Rules for Uber and Lyft likely apply to other app-based companies, some say

Last week's opinion rendered by a three-justice panel in the 1st District Court of Appeal upheld a preliminary injunction a San Francisco Superior Court judge issued against Uber and Lyft in August.

By rejecting Uber and Lyft's argument that the companies don't employ drivers, but rather equip them with an app so they can run their own businesses, a Court of Appeal's ruling that they must comply with California labor law likely applies to other companies that provide services via apps - even if the court didn't explicitly identify them in its ruling.

Last week's opinion rendered by a three-justice panel in the 1st District Court of Appeal upheld a preliminary injunction a San Francisco Superior Court judge issued against Uber and Lyft in August. The order requires the companies to comply with Assembly Bill 5, which went into effect Jan. 1 and automatically classifies California workers as employees unless they pass a three-pronged "ABC" test. People v. Uber, A160706 (Cal.

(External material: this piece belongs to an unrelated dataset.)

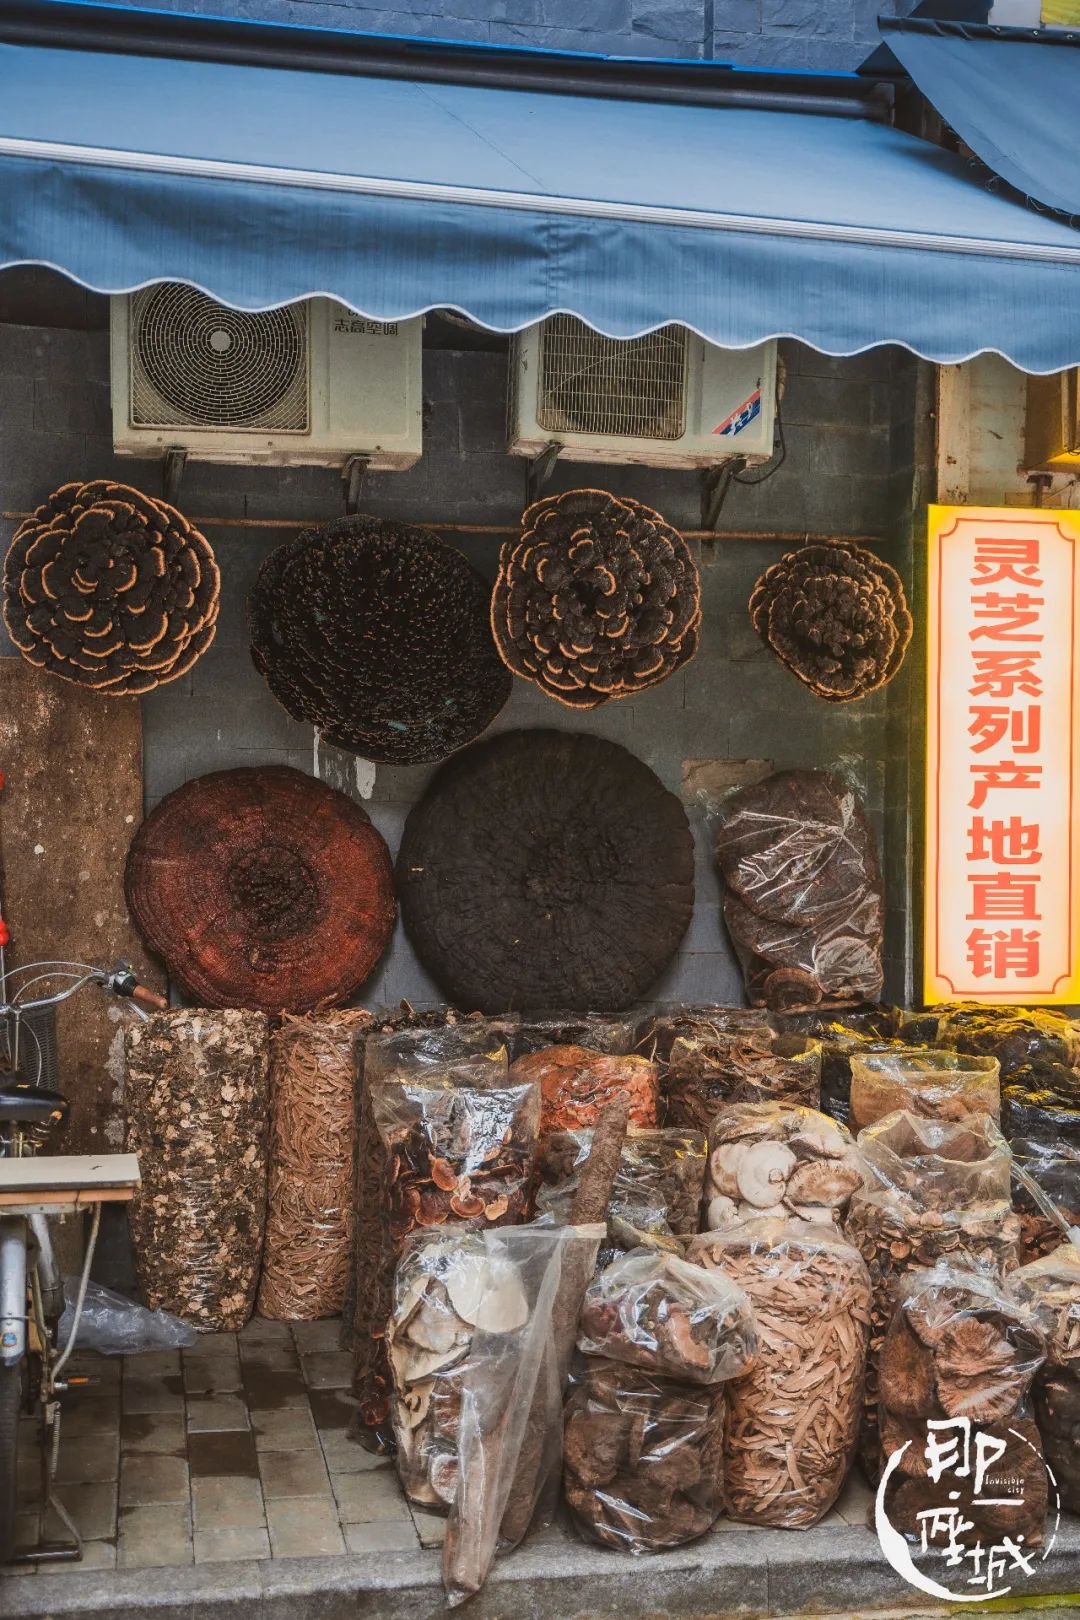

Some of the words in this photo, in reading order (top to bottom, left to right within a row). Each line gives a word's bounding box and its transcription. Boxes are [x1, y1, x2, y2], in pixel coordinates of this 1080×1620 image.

[334, 320, 398, 336] 志高空调
[966, 537, 1044, 979] 灵芝系列产地直销
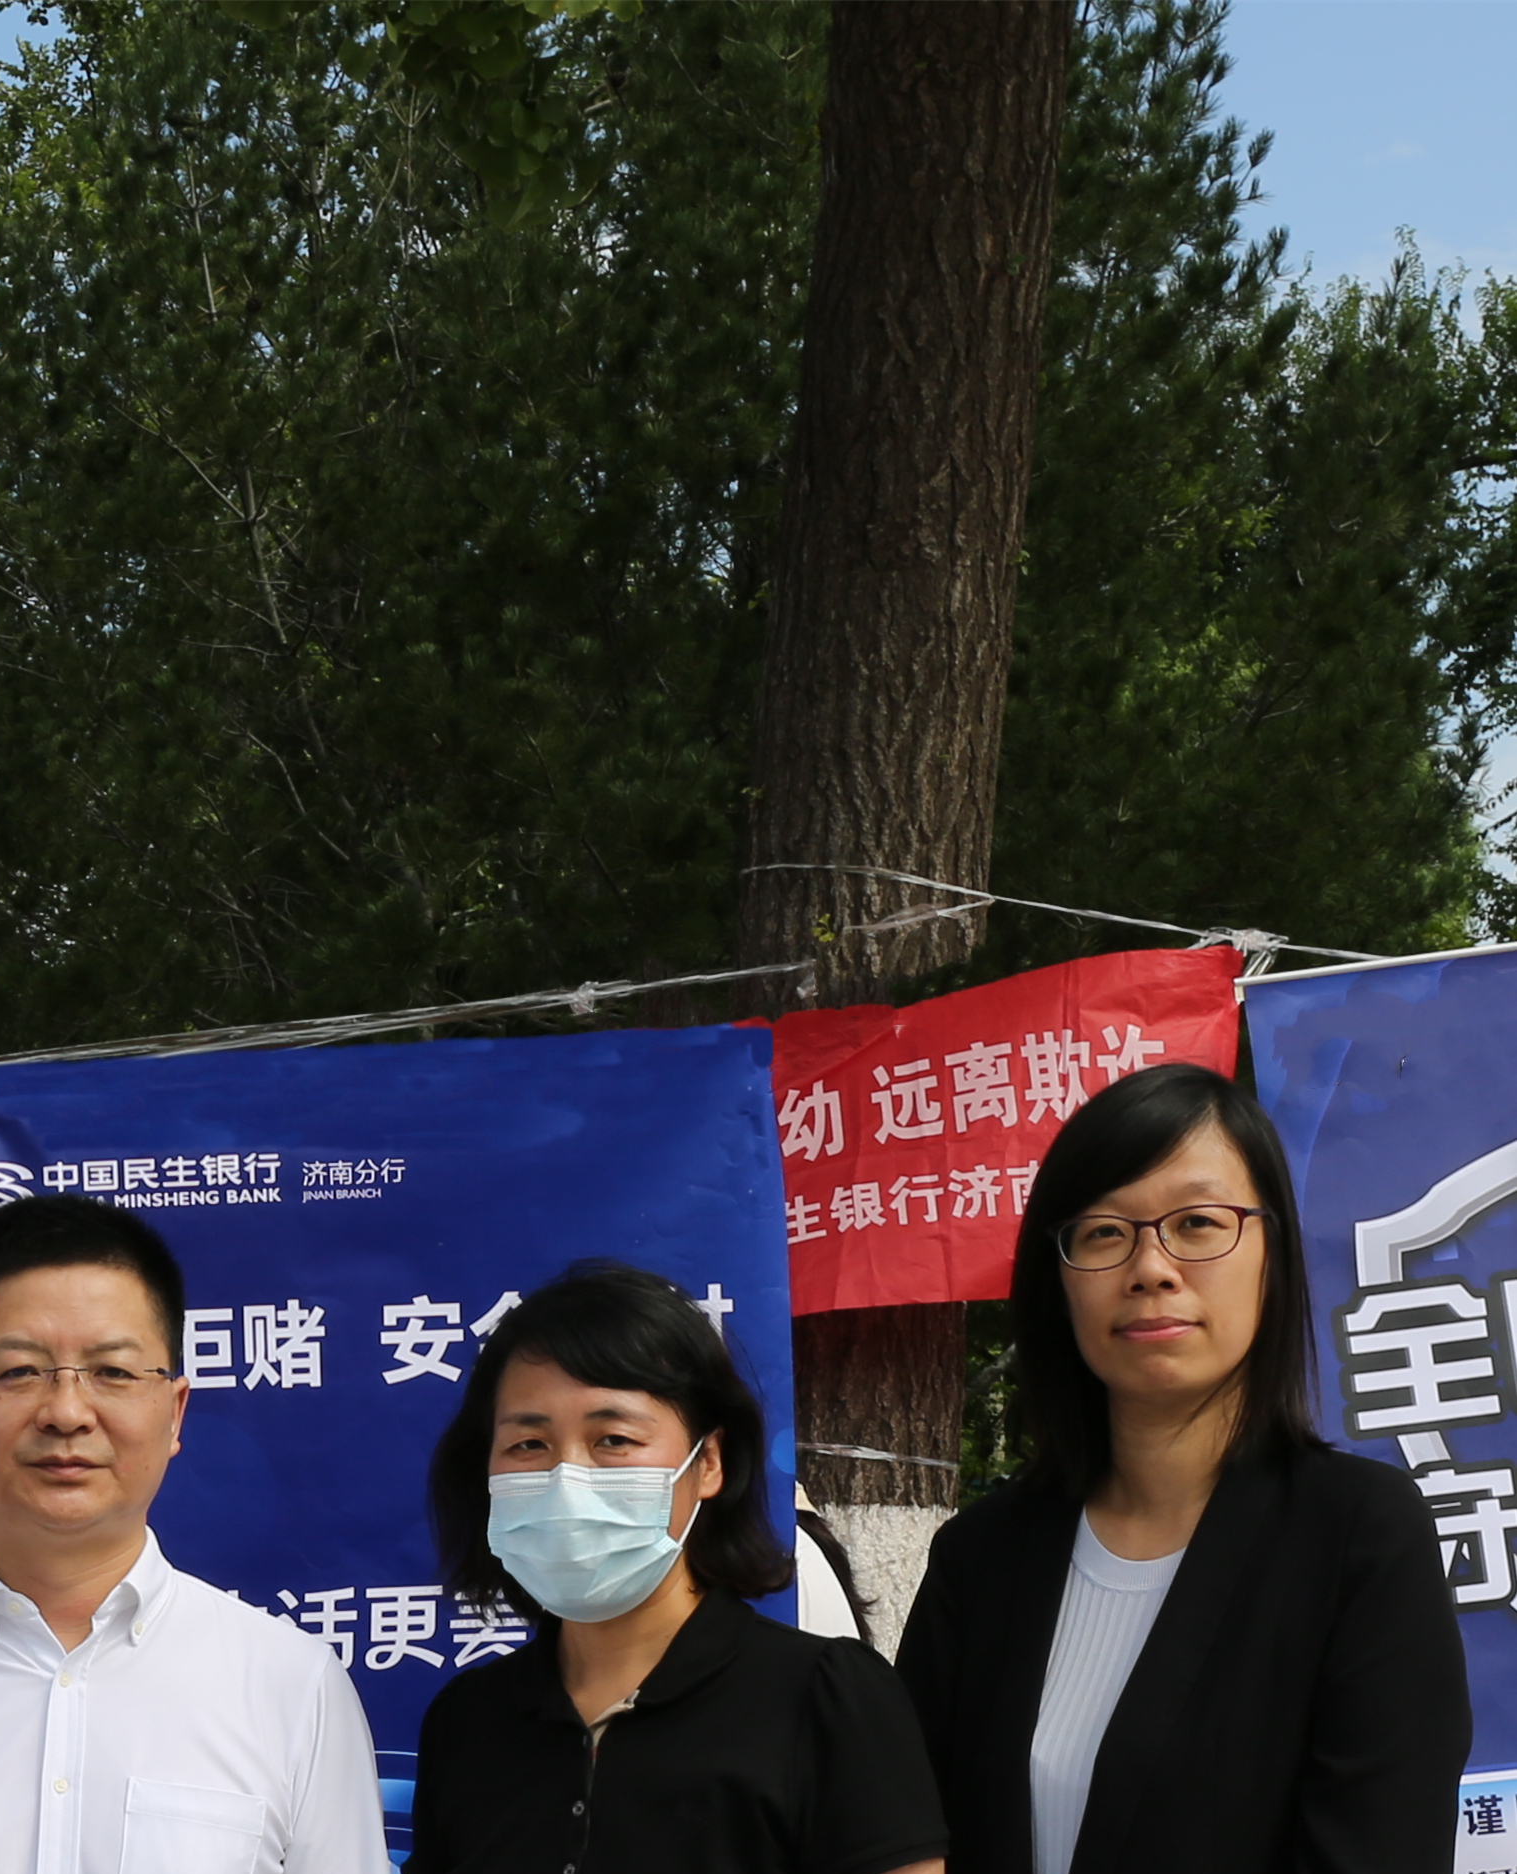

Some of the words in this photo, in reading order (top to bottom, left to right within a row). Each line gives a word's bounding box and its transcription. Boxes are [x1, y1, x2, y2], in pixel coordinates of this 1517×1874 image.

App. 1st Dist., filed Aug. 17, 2020).

"This decision will absolutely impact other app-based companies, and I'm not talking about just drivers," commented Travis Gemoets, who represents employers as a partner at Jeffer Mangels Butler & Mitchell LLP. Gemoets is not involved in the case.

"Anytime you use a technology platform to have a service rendered by a human to a human, then this ruling would apply," he said. As an example, Gemoets pointed to TaskRabbit, an app that connects workers with people who need help with everyday tasks like cleaning, moving, or home repairs.

Uber and Lyft have argued that before the courts can determine whether the companies need to use the "ABC" test to classify drivers, the courts need to determine whether the companies even qualify as hiring entities. Uber and Lyft "frame the 'hiring entity' issue in this manner because, fundamentally, the case they make here rests on the theory that the drivers do not render services to them; rather, drivers are their customers, who render services to defendants' other customers, the riders, using the two-sided platforms defendants developed," last week's ruling said.

"We reject their 'hiring entity' argument on the merits because it rests on a false dichotomy," the ruling added. "In defendants' proffered mode of 'hiring entity' analysis, we must first decide whether drivers' services are rendered to riders, or to them, before applying the remainder of the ABC test. That, in our view, presents an artificial choice. What the argument masks is that drivers' services may be rendered both to the hirer and to a third party, benefiting each one."

While David A. Lowe, who represents employees as a partner at Rudy, Exelrod, Zieff & Lowe LLP, agreed with Gemoets that many app-based companies stand to be impacted by last week's ruling, he said some companies may not be affected at all.

"It depends on whether the work is outside the usual course of business," he said.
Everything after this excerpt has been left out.